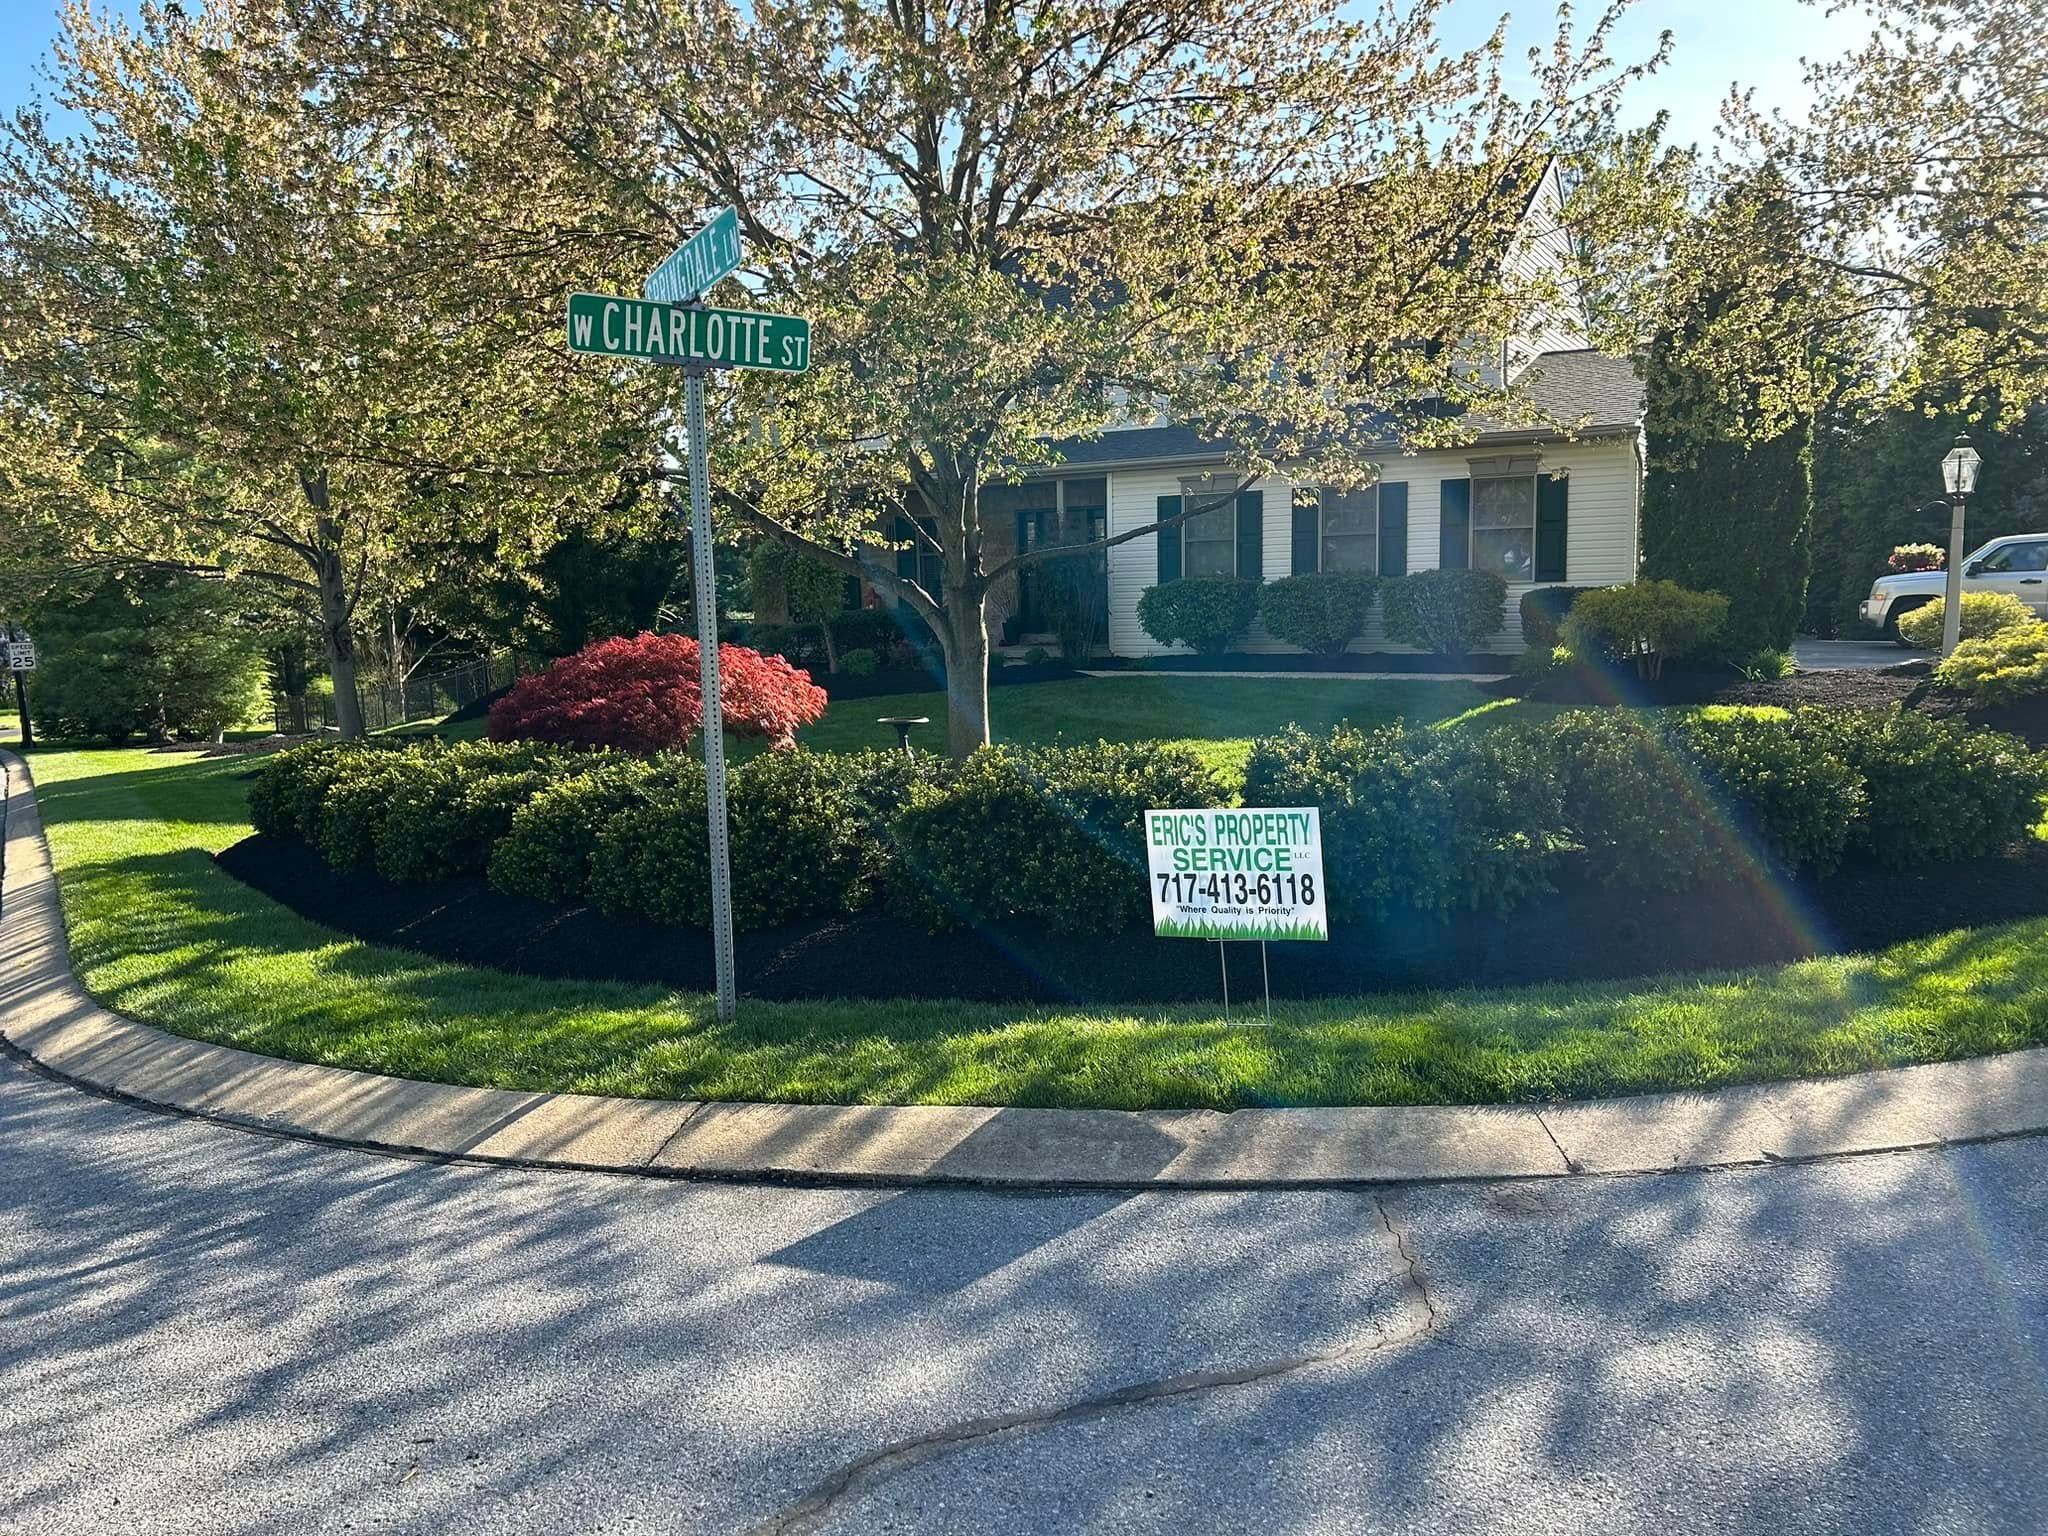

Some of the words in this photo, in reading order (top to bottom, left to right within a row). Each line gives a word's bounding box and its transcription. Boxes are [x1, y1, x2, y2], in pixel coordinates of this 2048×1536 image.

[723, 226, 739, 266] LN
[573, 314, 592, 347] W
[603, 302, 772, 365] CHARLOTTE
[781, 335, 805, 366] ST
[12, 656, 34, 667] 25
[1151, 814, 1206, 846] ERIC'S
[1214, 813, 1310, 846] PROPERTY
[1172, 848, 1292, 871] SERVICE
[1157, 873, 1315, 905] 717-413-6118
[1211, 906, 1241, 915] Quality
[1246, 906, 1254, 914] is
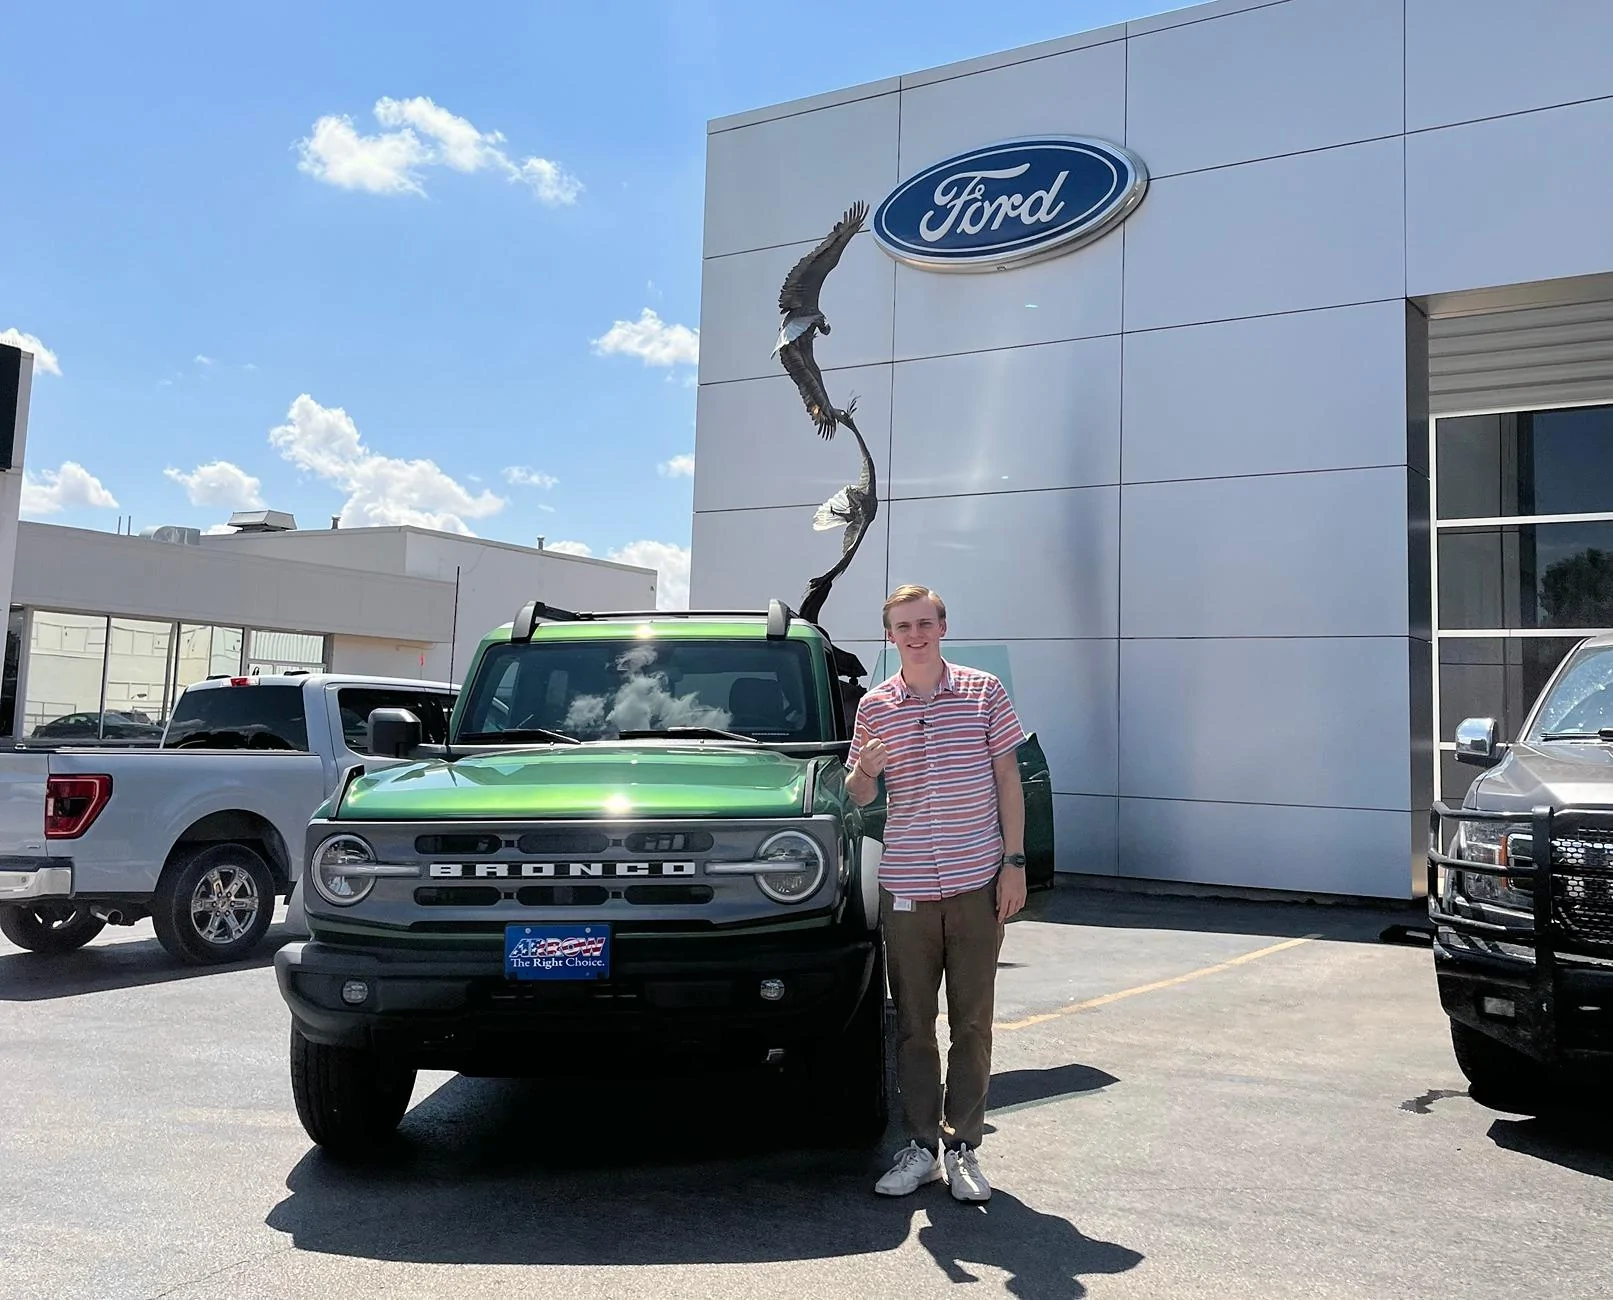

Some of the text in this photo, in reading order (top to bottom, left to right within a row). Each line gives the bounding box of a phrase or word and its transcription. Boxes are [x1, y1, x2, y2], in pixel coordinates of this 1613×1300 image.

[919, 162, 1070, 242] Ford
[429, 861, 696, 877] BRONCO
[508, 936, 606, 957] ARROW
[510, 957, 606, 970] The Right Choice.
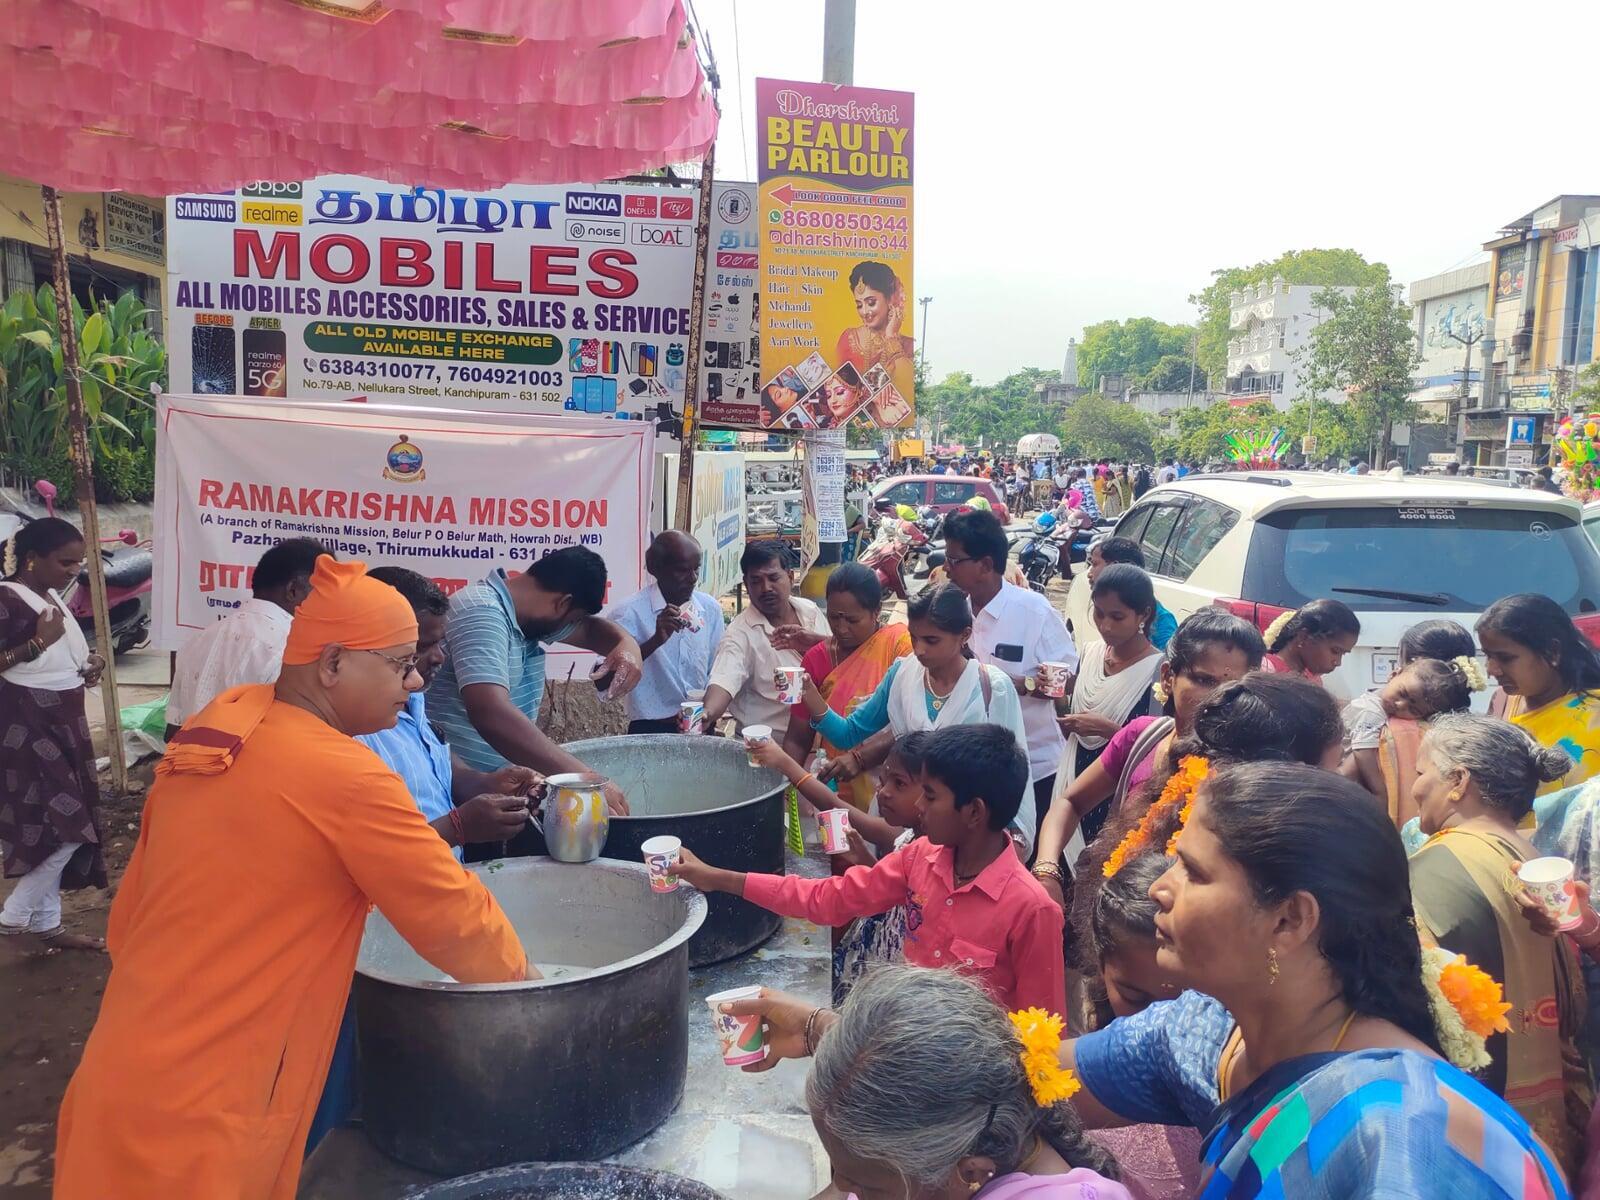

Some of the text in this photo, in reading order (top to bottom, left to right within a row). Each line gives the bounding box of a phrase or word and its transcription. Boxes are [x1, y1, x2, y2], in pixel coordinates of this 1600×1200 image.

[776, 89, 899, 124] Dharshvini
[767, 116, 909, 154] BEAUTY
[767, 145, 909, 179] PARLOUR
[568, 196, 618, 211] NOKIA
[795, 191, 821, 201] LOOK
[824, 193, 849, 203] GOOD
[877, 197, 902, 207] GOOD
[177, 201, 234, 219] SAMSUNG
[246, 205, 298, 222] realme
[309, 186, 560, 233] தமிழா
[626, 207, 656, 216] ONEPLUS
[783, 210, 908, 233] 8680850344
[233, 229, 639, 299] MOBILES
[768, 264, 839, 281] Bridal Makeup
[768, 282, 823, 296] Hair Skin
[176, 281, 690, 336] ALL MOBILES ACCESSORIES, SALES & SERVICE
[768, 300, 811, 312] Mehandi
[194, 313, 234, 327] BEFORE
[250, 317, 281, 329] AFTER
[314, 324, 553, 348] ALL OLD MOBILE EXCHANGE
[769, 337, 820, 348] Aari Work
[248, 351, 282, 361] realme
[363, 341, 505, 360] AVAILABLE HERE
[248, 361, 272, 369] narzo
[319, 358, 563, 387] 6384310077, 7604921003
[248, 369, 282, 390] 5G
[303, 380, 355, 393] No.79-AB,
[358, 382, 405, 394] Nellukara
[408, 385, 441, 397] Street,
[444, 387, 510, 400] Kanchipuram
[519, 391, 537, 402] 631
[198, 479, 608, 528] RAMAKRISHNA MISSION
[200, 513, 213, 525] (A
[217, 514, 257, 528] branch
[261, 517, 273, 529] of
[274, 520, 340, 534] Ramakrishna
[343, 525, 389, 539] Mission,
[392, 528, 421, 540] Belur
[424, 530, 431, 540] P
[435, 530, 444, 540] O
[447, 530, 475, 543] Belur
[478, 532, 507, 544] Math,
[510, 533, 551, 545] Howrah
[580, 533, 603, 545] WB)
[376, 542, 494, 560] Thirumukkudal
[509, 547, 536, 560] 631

**TASK**
The records above should be returned exactly; no image belongs in the copy.

**WRITTEN REPLY**
Some of the words in this photo, in reading order (top to bottom, left to right within a row). Each line gives a word's bounding box and its transcription. Boxes are [x1, y1, x2, y2], in pixel coordinates of this 2048×1536 image.

[723, 226, 739, 266] LN
[573, 314, 592, 347] W
[603, 302, 772, 365] CHARLOTTE
[781, 335, 805, 366] ST
[12, 656, 34, 667] 25
[1151, 814, 1206, 846] ERIC'S
[1214, 813, 1310, 846] PROPERTY
[1172, 848, 1292, 871] SERVICE
[1157, 873, 1315, 905] 717-413-6118
[1211, 906, 1241, 915] Quality
[1246, 906, 1254, 914] is

Some of the text in this photo, in reading order (top to bottom, left to right within a row). Each line gives the bounding box of a phrase or word and its transcription. Boxes are [x1, y1, x2, y2], in pixel coordinates of this 1613×1300 image.

[919, 162, 1070, 242] Ford
[429, 861, 696, 877] BRONCO
[508, 936, 606, 957] ARROW
[510, 957, 606, 970] The Right Choice.

Some of the text in this photo, in reading order (top to bottom, left to right within a row). Each line gives the bounding box of a phrase or word and its transcription. Boxes are [x1, y1, x2, y2], in pixel coordinates of this 1600×1200 image.

[776, 89, 899, 124] Dharshvini
[767, 116, 909, 154] BEAUTY
[767, 145, 909, 179] PARLOUR
[568, 196, 618, 211] NOKIA
[795, 191, 821, 201] LOOK
[824, 193, 849, 203] GOOD
[877, 197, 902, 207] GOOD
[177, 201, 234, 219] SAMSUNG
[246, 205, 298, 222] realme
[309, 186, 560, 233] தமிழா
[626, 207, 656, 216] ONEPLUS
[783, 210, 908, 233] 8680850344
[233, 229, 639, 299] MOBILES
[768, 264, 839, 281] Bridal Makeup
[768, 282, 823, 296] Hair Skin
[176, 281, 690, 336] ALL MOBILES ACCESSORIES, SALES & SERVICE
[768, 300, 811, 312] Mehandi
[194, 313, 234, 327] BEFORE
[250, 317, 281, 329] AFTER
[314, 324, 553, 348] ALL OLD MOBILE EXCHANGE
[769, 337, 820, 348] Aari Work
[248, 351, 282, 361] realme
[363, 341, 505, 360] AVAILABLE HERE
[248, 361, 272, 369] narzo
[319, 358, 563, 387] 6384310077, 7604921003
[248, 369, 282, 390] 5G
[303, 380, 355, 393] No.79-AB,
[358, 382, 405, 394] Nellukara
[408, 385, 441, 397] Street,
[444, 387, 510, 400] Kanchipuram
[519, 391, 537, 402] 631
[198, 479, 608, 528] RAMAKRISHNA MISSION
[200, 513, 213, 525] (A
[217, 514, 257, 528] branch
[261, 517, 273, 529] of
[274, 520, 340, 534] Ramakrishna
[343, 525, 389, 539] Mission,
[392, 528, 421, 540] Belur
[424, 530, 431, 540] P
[435, 530, 444, 540] O
[447, 530, 475, 543] Belur
[478, 532, 507, 544] Math,
[510, 533, 551, 545] Howrah
[580, 533, 603, 545] WB)
[376, 542, 494, 560] Thirumukkudal
[509, 547, 536, 560] 631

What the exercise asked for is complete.